> _Exercise brief_:
Whatever appears in the records apart from pictures must be reproduced exactly.

::::::::::

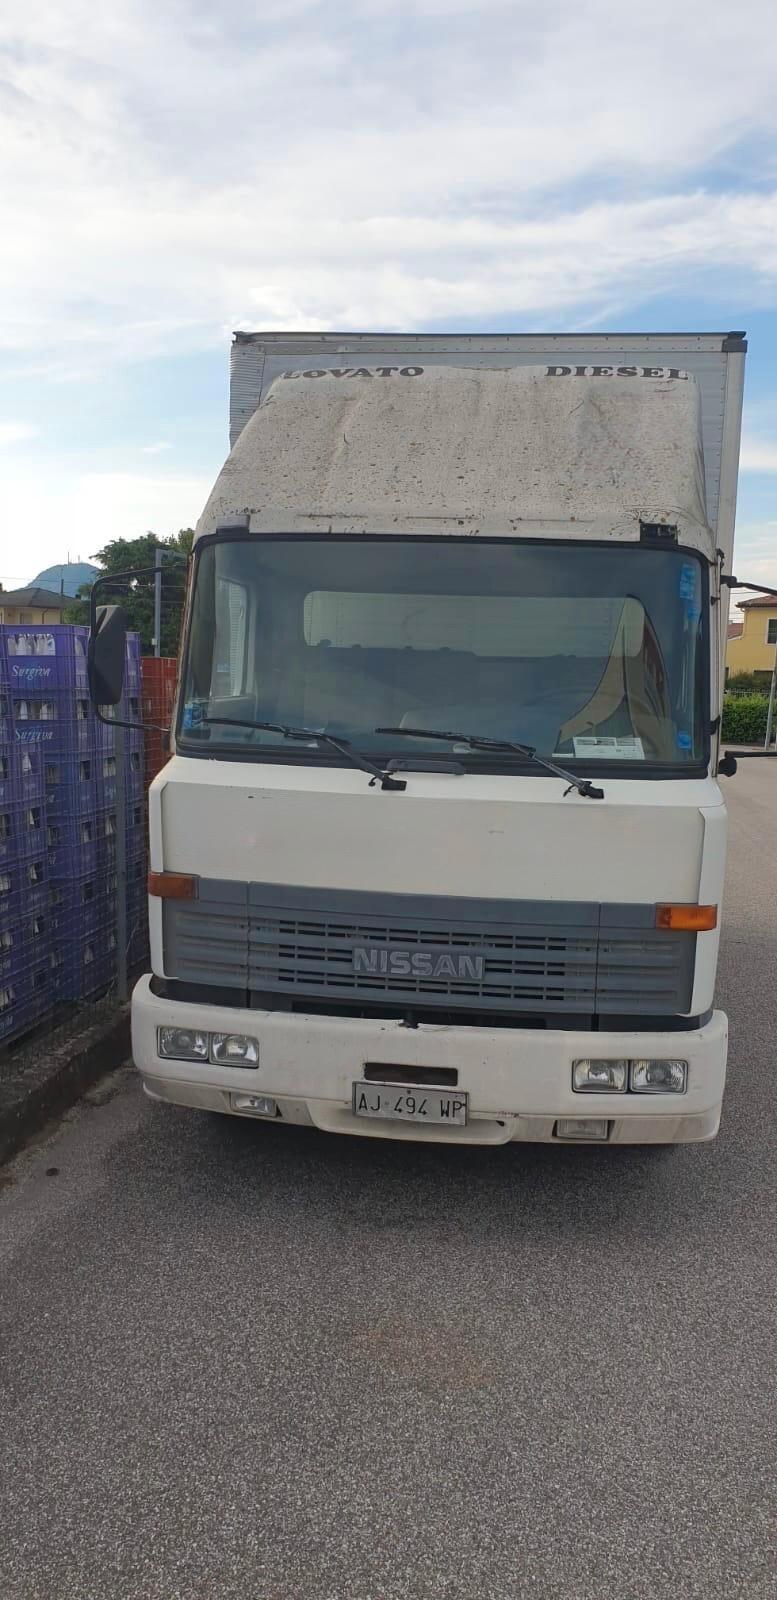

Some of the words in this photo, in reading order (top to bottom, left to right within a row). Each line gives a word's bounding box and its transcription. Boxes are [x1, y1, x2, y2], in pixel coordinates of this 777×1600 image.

[544, 366, 688, 380] DIESEL
[353, 947, 483, 979] NISSAN
[358, 1093, 381, 1111] AJ
[393, 1097, 428, 1115] 494
[440, 1100, 463, 1118] WP
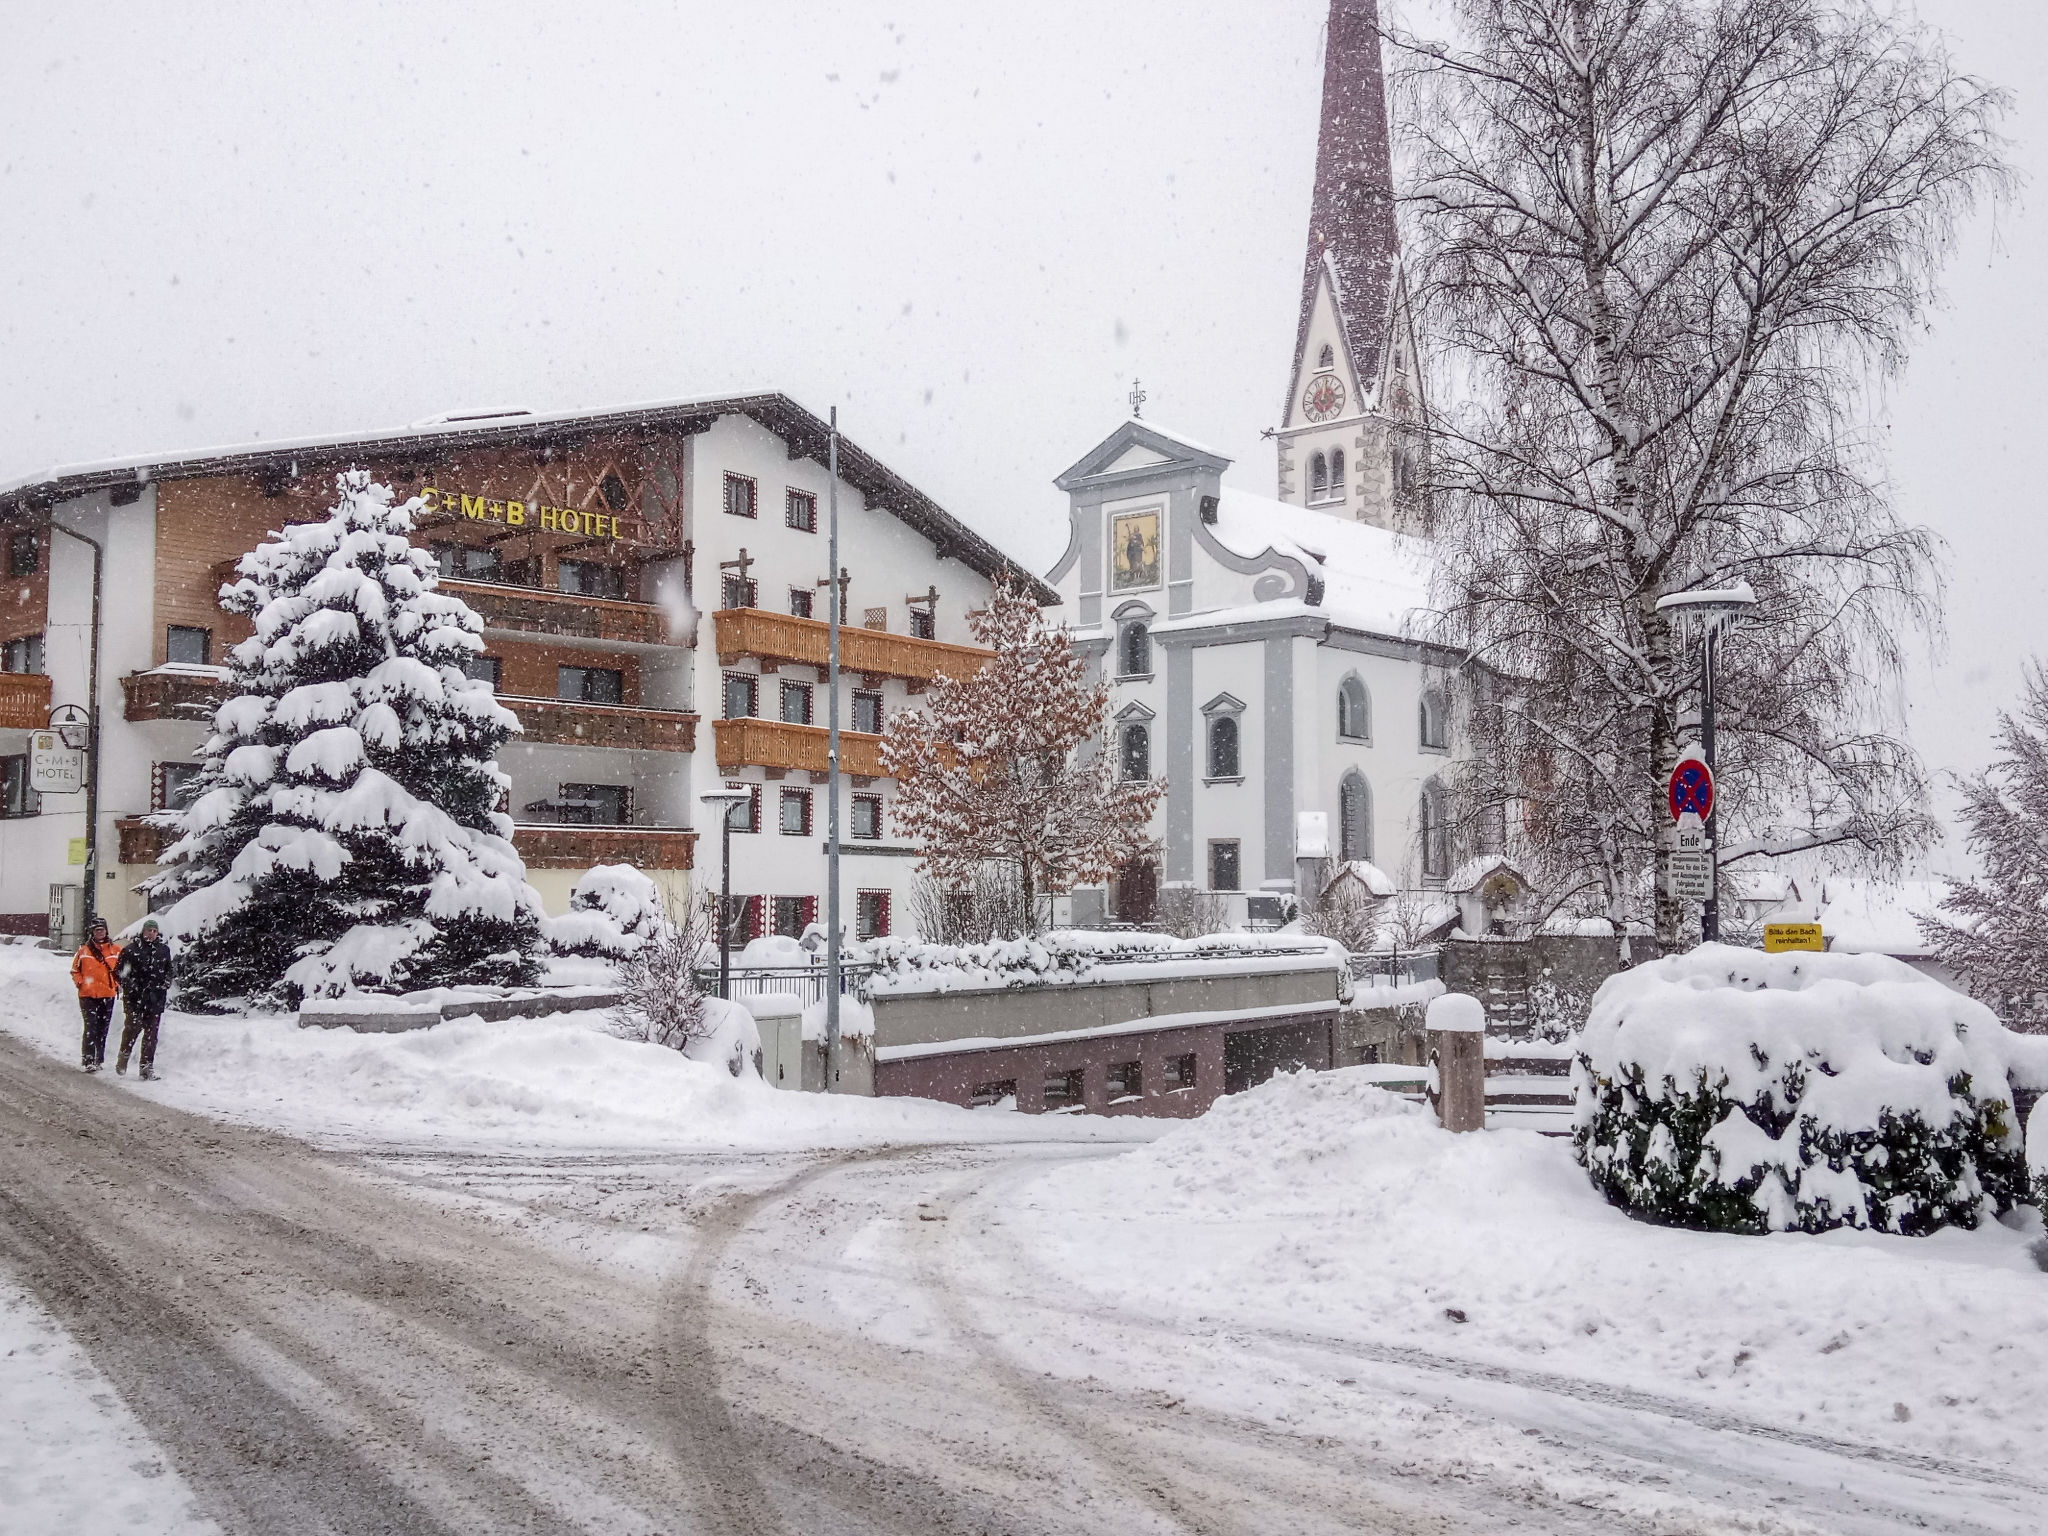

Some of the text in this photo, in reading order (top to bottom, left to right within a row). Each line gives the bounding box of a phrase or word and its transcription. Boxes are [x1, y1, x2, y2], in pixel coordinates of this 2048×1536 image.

[419, 487, 624, 539] C+M+B HOTEL
[36, 768, 76, 780] HOTEL
[1680, 834, 1700, 847] Ende

::::::::::

> _Written response_:
Some of the words in this photo, in reading order (top to bottom, left to right within a row). Each line gives a word's bounding box and its transcription. Boxes are [x1, y1, x2, y2], in pixel coordinates of this 777×1600 image.

[544, 366, 688, 380] DIESEL
[353, 947, 483, 979] NISSAN
[358, 1093, 381, 1111] AJ
[393, 1097, 428, 1115] 494
[440, 1100, 463, 1118] WP

Some of the text in this photo, in reading order (top to bottom, left to right within a row). Each line gives the bounding box of a phrase or word and its transcription. Boxes are [x1, y1, x2, y2], in pixel coordinates of this 2048×1536 image.

[419, 487, 624, 539] C+M+B HOTEL
[36, 768, 76, 780] HOTEL
[1680, 834, 1700, 847] Ende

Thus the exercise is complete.